Personal information
- Full name: Lee Martyn Naylor
- Date of birth: 19 March 1980 (age 45)
- Place of birth: Walsall, England
- Height: 5 ft 10 in (1.78 m)
- Position(s): Left back

Youth career
- 1996–1997: Wolverhampton Wanderers

Senior career*
- Years: Team / Apps / (Gls)
- 1997–2006: Wolverhampton Wanderers / 293 / (7)
- 2006–2010: Celtic / 100 / (3)
- 2010–2012: Cardiff City / 29 / (2)
- 2013–2014: Accrington Stanley / 13 / (0)
- 2014–2015: Derby County / 4 / (0)
- Total:  / 439 / (12)

International career
- 2000–2001: England U21 / 3 / (0)

= Lee Naylor (footballer) =

English footballer

Lee Martyn Naylor (born 19 March 1980) is an English former professional footballer. He started his career with First Division side Wolverhampton Wanderers, joining the club in 1996. He made his debut the following year and soon established himself as the first choice left back.
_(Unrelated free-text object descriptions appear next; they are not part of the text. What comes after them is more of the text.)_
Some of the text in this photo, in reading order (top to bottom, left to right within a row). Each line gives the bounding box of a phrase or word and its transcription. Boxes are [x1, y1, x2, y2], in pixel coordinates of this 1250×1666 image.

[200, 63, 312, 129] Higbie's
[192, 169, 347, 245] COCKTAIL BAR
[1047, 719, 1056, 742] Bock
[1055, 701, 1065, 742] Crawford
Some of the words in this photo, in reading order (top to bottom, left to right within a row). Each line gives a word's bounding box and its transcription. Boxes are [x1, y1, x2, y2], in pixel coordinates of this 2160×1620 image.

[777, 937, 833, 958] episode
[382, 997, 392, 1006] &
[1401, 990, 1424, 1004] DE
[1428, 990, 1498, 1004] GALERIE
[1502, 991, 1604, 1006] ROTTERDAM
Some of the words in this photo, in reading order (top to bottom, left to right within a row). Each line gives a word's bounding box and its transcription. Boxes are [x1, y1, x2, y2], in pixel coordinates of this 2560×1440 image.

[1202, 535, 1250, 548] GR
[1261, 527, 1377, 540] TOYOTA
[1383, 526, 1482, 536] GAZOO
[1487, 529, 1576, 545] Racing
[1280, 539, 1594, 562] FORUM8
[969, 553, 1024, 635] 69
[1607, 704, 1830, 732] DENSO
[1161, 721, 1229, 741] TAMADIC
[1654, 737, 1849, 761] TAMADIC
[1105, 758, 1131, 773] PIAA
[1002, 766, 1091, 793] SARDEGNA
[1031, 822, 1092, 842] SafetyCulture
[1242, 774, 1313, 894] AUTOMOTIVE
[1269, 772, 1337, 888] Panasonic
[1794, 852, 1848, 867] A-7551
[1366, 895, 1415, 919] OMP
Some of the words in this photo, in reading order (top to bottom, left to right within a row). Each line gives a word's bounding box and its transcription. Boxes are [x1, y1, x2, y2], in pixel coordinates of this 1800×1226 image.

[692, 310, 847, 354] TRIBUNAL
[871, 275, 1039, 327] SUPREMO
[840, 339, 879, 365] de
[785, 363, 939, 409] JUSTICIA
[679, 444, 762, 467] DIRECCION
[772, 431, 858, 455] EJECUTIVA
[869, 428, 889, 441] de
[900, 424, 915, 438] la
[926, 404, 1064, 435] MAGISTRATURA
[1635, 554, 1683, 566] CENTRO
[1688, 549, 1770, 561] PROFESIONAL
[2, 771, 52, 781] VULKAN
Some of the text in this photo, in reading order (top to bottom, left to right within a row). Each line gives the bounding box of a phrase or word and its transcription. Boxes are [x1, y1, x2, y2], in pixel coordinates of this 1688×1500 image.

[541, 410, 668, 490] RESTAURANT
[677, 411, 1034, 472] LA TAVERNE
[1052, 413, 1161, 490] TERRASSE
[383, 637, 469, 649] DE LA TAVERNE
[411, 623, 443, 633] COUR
His first trophy came when Wolves won the 2003 Football League First Division play-off final, gaining them promotion to the Premier League where he continued to play in the first team. Naylor moved to Scottish Premier League side Celtic in 2006 for a fee of £600,000 plus Charlie Mulgrew. Naylor quickly established himself as first choice left back for Celtic and was nominated for the 2007 SPFA Player of the Year award. During his time at Celtic Naylor won the Scottish Premier League twice in 2007 and 2008 as well as the Scottish Cup in 2007. Naylor moved to Welsh side Cardiff City who play in the English Championship in 2010 after his contract expired at Celtic.

Naylor represented England under-21s several times but despite being linked with the full national team, while at Celtic, he never received a call-up.

==Early life==
Naylor was born in Walsall, West Midlands, and educated at Sneyd Comprehensive School in nearby Bloxwich.

==Club career==

===Wolverhampton Wanderers===
Naylor joined Wolverhampton Wanderers upon leaving school in 1996. He made his debut on 12 October 1997, in a 1–0 defeat at Birmingham City. Playing left-back, he went on to establish himself as a first team regular in the following years and was part of the team that won promotion to the Premier League in 2002–03 via the playoffs.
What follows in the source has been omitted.